*What this task involves:* All of the entries are to be repeated exactly, with no pictures included.

(Records begins)

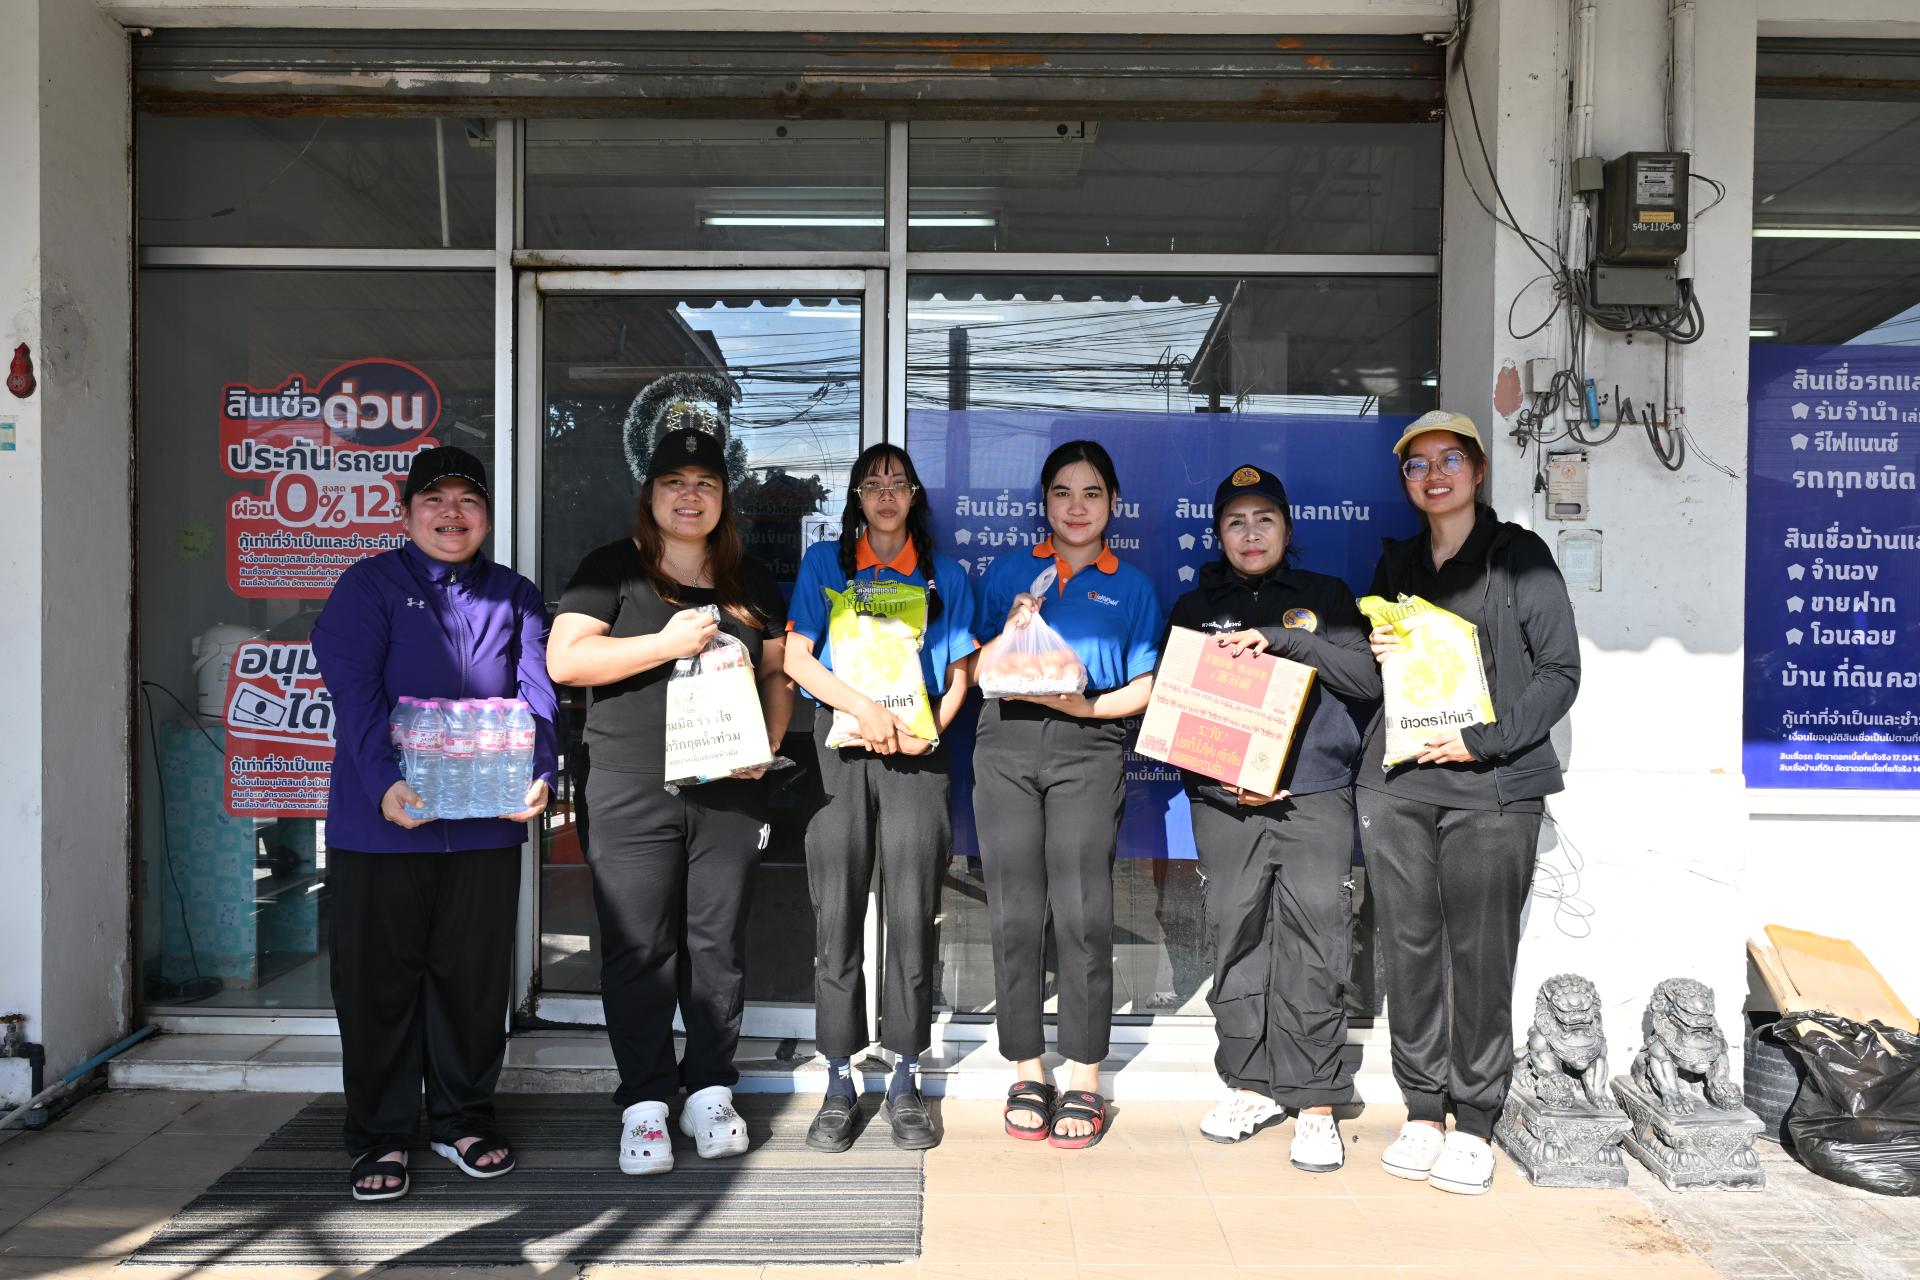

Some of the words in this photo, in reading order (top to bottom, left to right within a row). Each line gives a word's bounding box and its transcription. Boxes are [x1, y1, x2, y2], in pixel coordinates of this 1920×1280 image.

[227, 381, 320, 418] สินเชื่อ
[323, 382, 423, 430] ด่วน
[1814, 400, 1898, 421] รับจำนำ
[1814, 431, 1899, 452] รีไฟแนนซ์
[230, 439, 331, 471] ประกัน
[337, 446, 432, 473] รถยน
[1792, 465, 1917, 498] รถทุกชนิด
[234, 498, 275, 518] ผ่อน
[1811, 557, 1879, 581] จำนอง
[1811, 591, 1897, 613] ขายฝาก
[1810, 622, 1897, 646] โอนลอย
[1781, 661, 1827, 687] บ้าน
[1832, 657, 1883, 688] ที่ดิน
[1400, 709, 1474, 731] ข้าวตราไก่แจ้
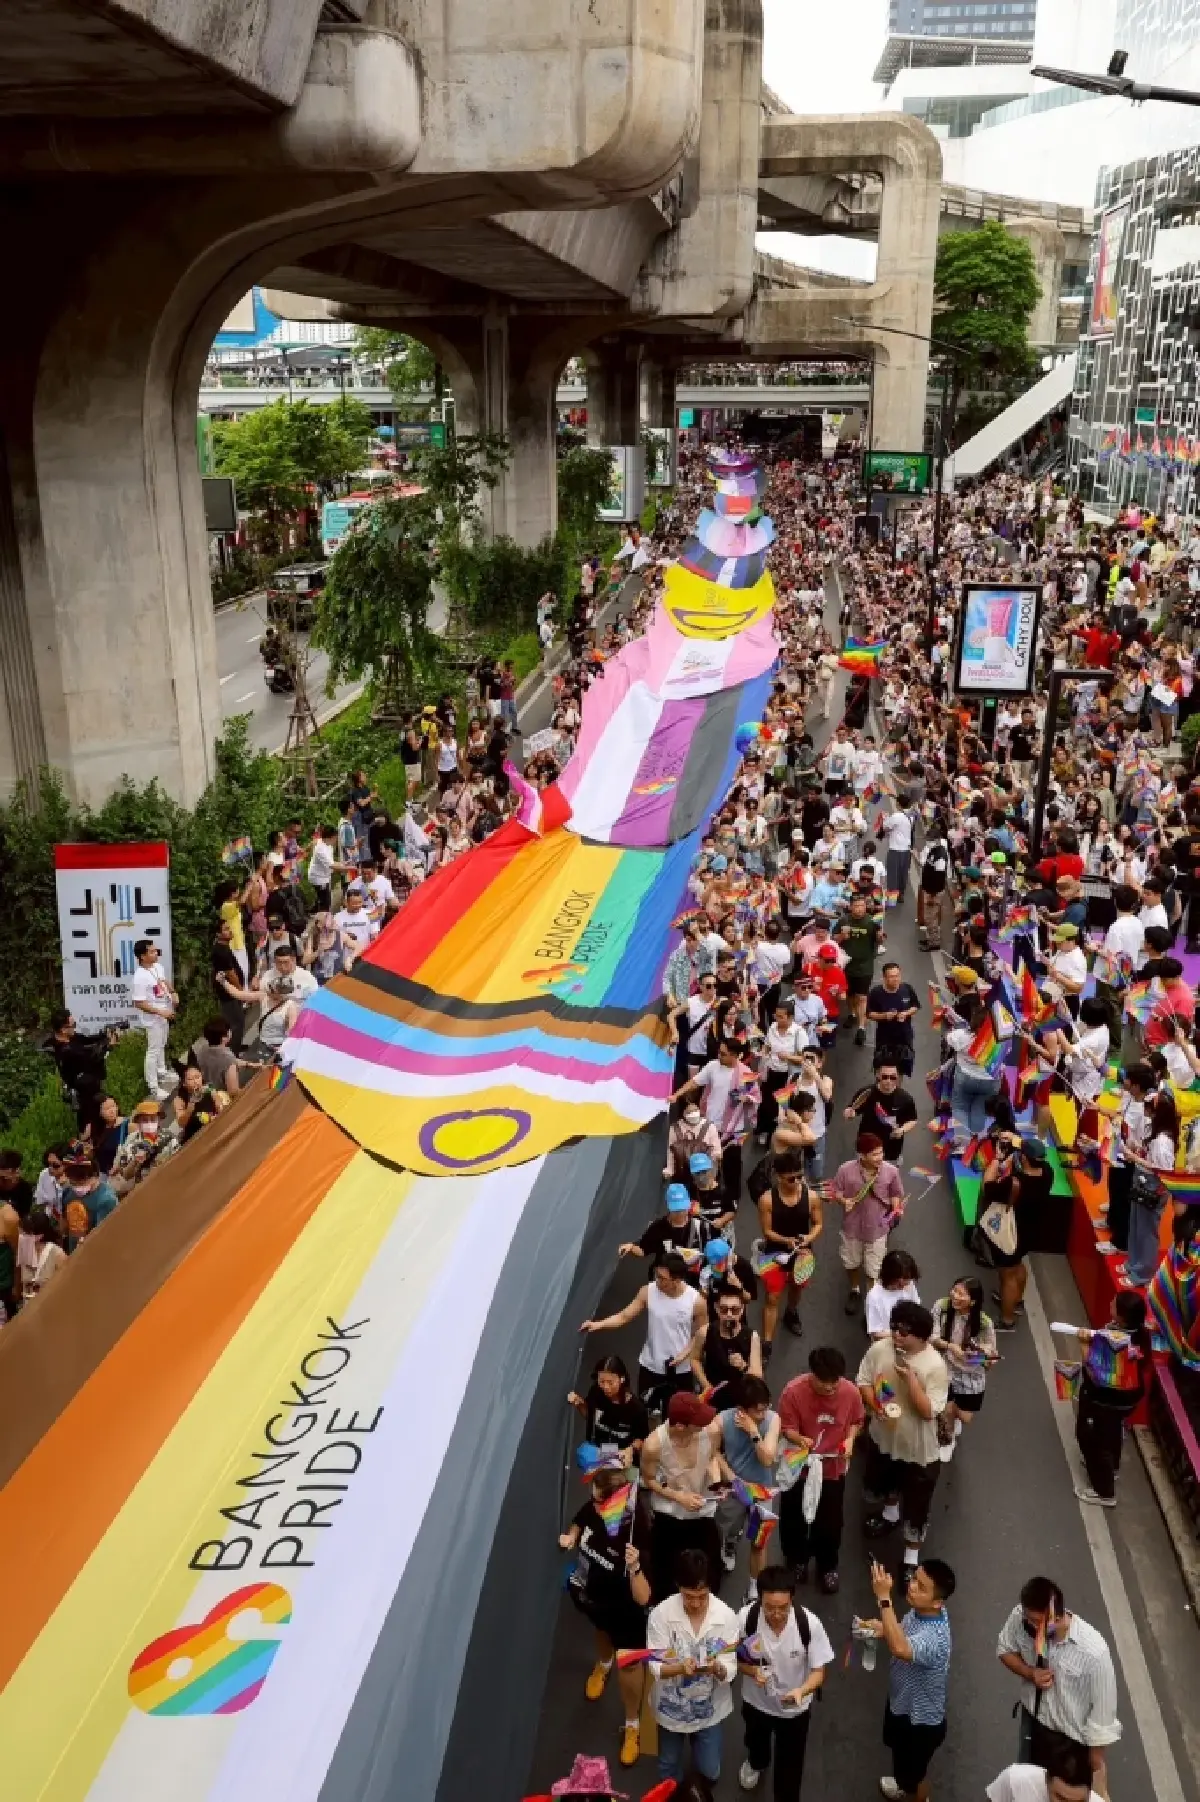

(Records ends)

*Written solution:*
Some of the words in this photo, in reading order (top to bottom, left to right within a row). Each line gives a word's bounding box and its transcription. Boxes are [x1, y1, x2, y2], in pixel coordinates of this 1920×1280 image.

[227, 381, 320, 418] สินเชื่อ
[323, 382, 423, 430] ด่วน
[1814, 400, 1898, 421] รับจำนำ
[1814, 431, 1899, 452] รีไฟแนนซ์
[230, 439, 331, 471] ประกัน
[337, 446, 432, 473] รถยน
[1792, 465, 1917, 498] รถทุกชนิด
[234, 498, 275, 518] ผ่อน
[1811, 557, 1879, 581] จำนอง
[1811, 591, 1897, 613] ขายฝาก
[1810, 622, 1897, 646] โอนลอย
[1781, 661, 1827, 687] บ้าน
[1832, 657, 1883, 688] ที่ดิน
[1400, 709, 1474, 731] ข้าวตราไก่แจ้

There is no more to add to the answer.